"The wonderful thing about working with Bob is

he can take your lyrics...spread them out,

and can really expand them to another dimension, to another level."

-Lionel Richie


"HE INNOVATED THE MUSIC VIDEO WORLD, HE WAS DOING THINGS PEOPLE HADN'T DONE BEFORE."

-Mike Frankfurt

Giraldi set the tone for music videos in the early MTV days.  His narrative and musical storytelling abilities were first seen in Michael Jackson's "Beat It" as the video swept the country and won numerous awards including that year’s coveted American Music Award, the Billboard Music Award and the People’s Choice Award. Hand-picked by Jackson himself after the singer saw an Eye Witness News commercial directed by Giraldi, about an elderly blind couple holding a block party for their new black and hispanic neighbors, the Beat It video became the stuff of legend partially because of its cast members: real life members of the Bloods and the Crips. The shoot almost turned into a disaster though, as Bob recalls Michael's decision to have the real gang members in the video, and an incident that almost halted the entire production::

"I thought he was crazy. He got the police to go along with it. He got the Crips and the Bloods to go along with it. Everything was fine for half a day. Then after lunch it got hairy. One of the Crips started smacking' one of the Bloods, and there was a little bit of a fight, The police came to me and said 'Bob, we have to shut this down'... I thought 'There goes the music video.' So I said 'Let me try one thing. Just one thing. If it doesn't work we close it down and go home. Let me play the music.' And we picked it up from Eddie Van Halen's guitar solo... Peace. The way they watched those kids dance,,,the look on the faces said: 'We may be the baddest asses in the world, but that's something we'll never be able to do.' It just was brilliant."

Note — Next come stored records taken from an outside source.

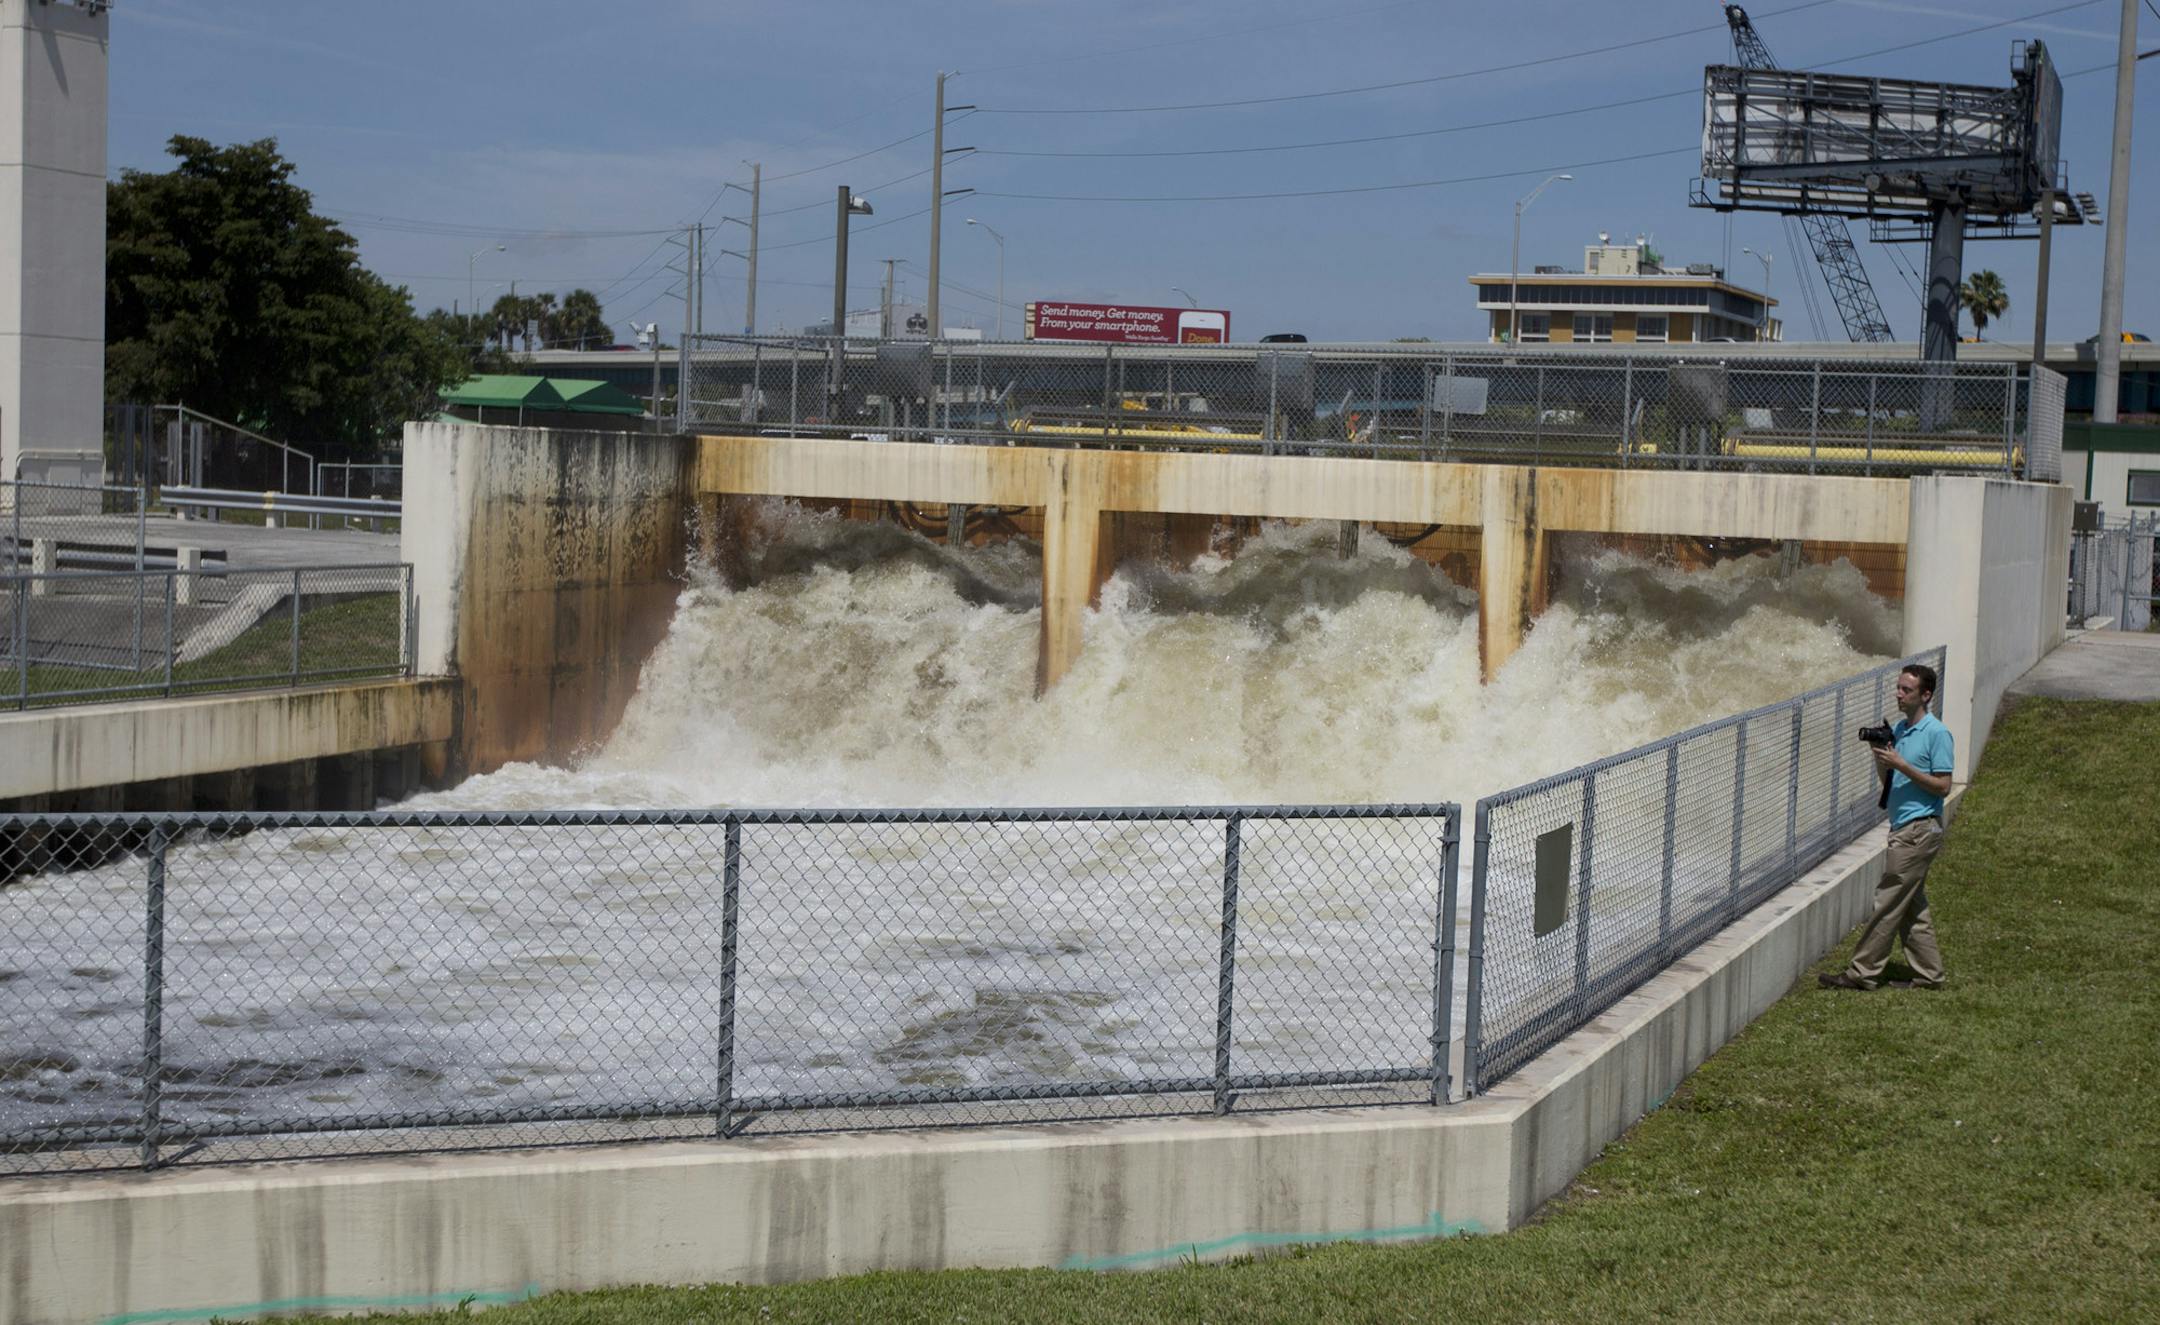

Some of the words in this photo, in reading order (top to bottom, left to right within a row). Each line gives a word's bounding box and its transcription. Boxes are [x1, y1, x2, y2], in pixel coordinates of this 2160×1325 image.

[1040, 304, 1068, 316] Send
[1069, 309, 1105, 320] money.
[1107, 308, 1127, 318] Get
[1128, 312, 1164, 323] money.
[1040, 317, 1067, 328] From
[1067, 320, 1093, 331] your
[1094, 321, 1161, 333] smartphone.
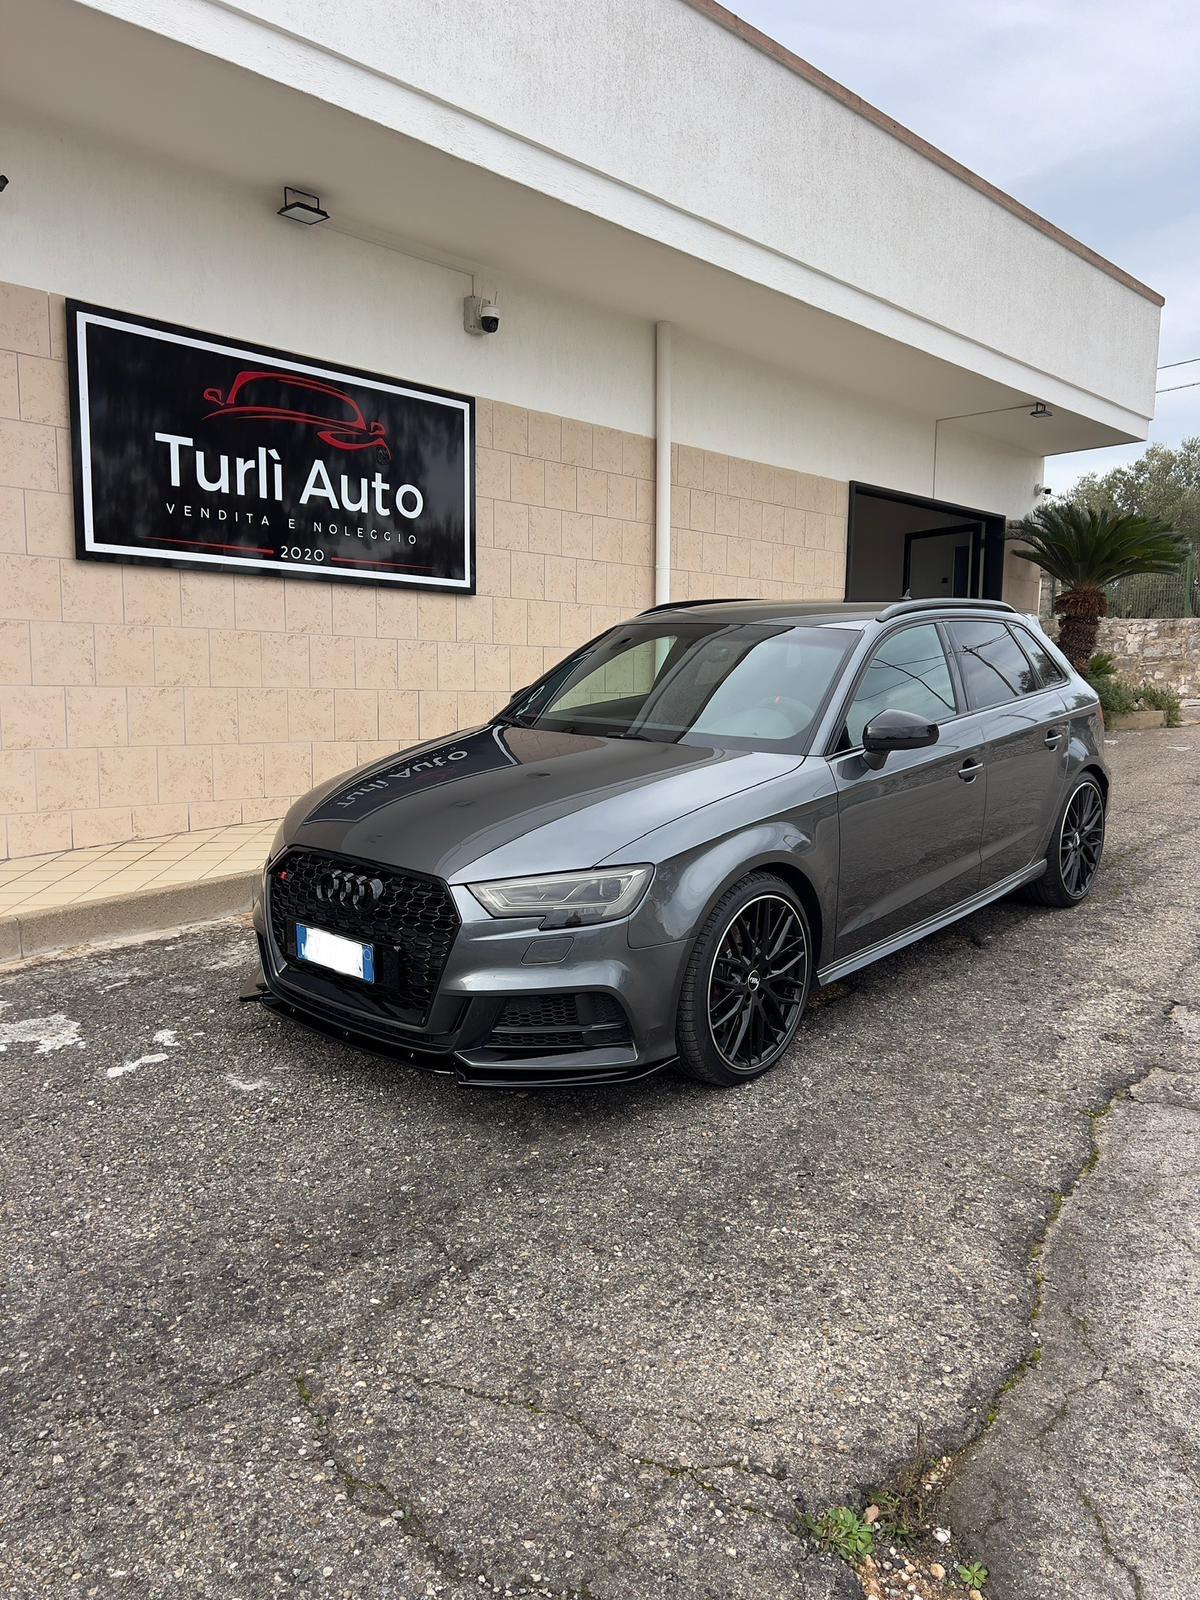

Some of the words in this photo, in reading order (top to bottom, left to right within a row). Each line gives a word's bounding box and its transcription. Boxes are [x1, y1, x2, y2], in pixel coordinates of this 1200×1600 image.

[154, 432, 284, 501] Turlì
[299, 459, 424, 520] Auto
[166, 503, 270, 526] VENDITA
[288, 518, 296, 529] E
[313, 522, 417, 545] NOLEGGIO
[280, 546, 325, 562] 2020
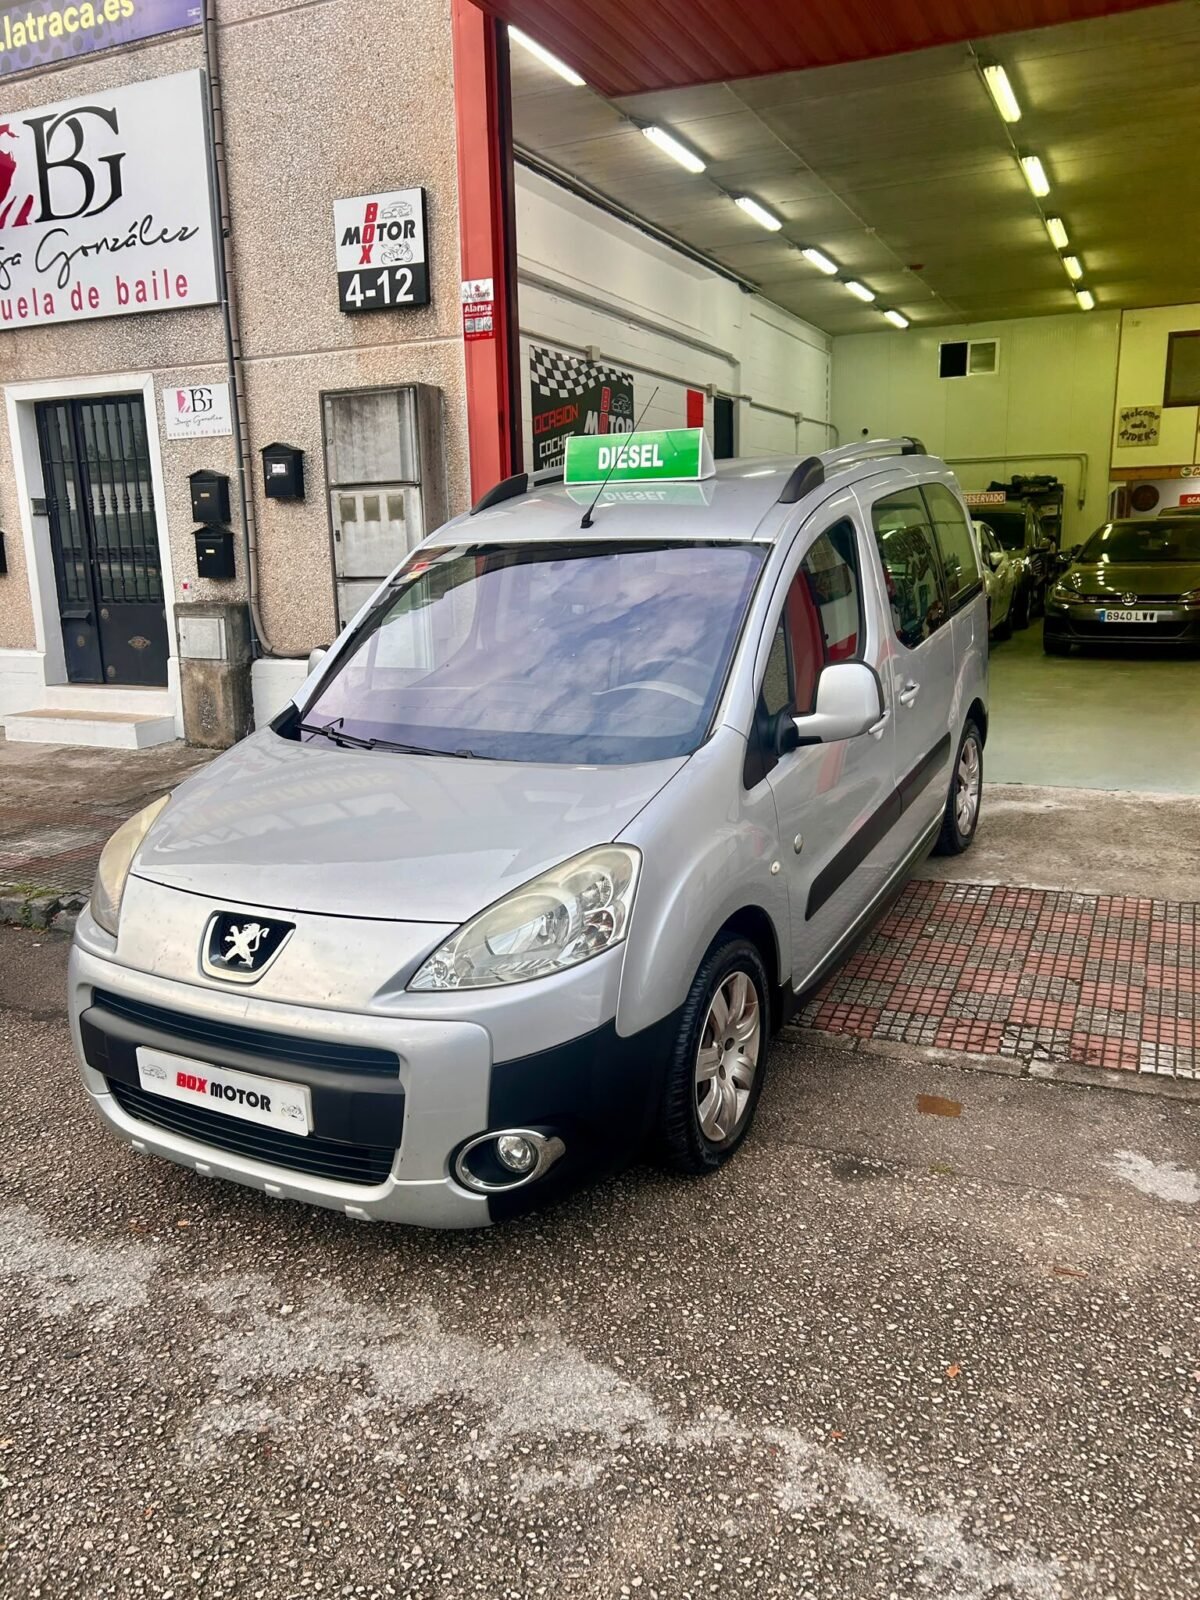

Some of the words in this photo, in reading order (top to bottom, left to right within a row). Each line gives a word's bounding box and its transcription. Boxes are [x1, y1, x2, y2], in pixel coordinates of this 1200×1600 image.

[22, 106, 126, 223] BG
[341, 219, 415, 246] MOTOR
[359, 202, 378, 264] BOX
[35, 214, 200, 289] González
[70, 281, 100, 311] de
[116, 269, 188, 305] baile
[345, 267, 414, 307] 4-12
[464, 304, 492, 313] Alarma
[188, 387, 213, 412] BG
[1121, 407, 1160, 421] Welcome
[534, 403, 579, 435] OCASION
[598, 444, 663, 470] DIESEL
[1107, 611, 1132, 621] 6940
[176, 1071, 208, 1094] BOX
[210, 1082, 271, 1112] MOTOR

Next up was making the first music video to ever feature dialogue, as Bob directed Pat Benetar's "Love is a Battlefield" soon after, before directing Lionel Richie's "Hello." He directed Michael Jackson again, this time with Paul McCartney for company, for their song "Say Say Say." He continued to win acclaim and define the future of the medium, working with even more music luminaries such as Stevie Wonder, Diana Ross, Ricky Martin, Hall & Oates, Will Smith, and more.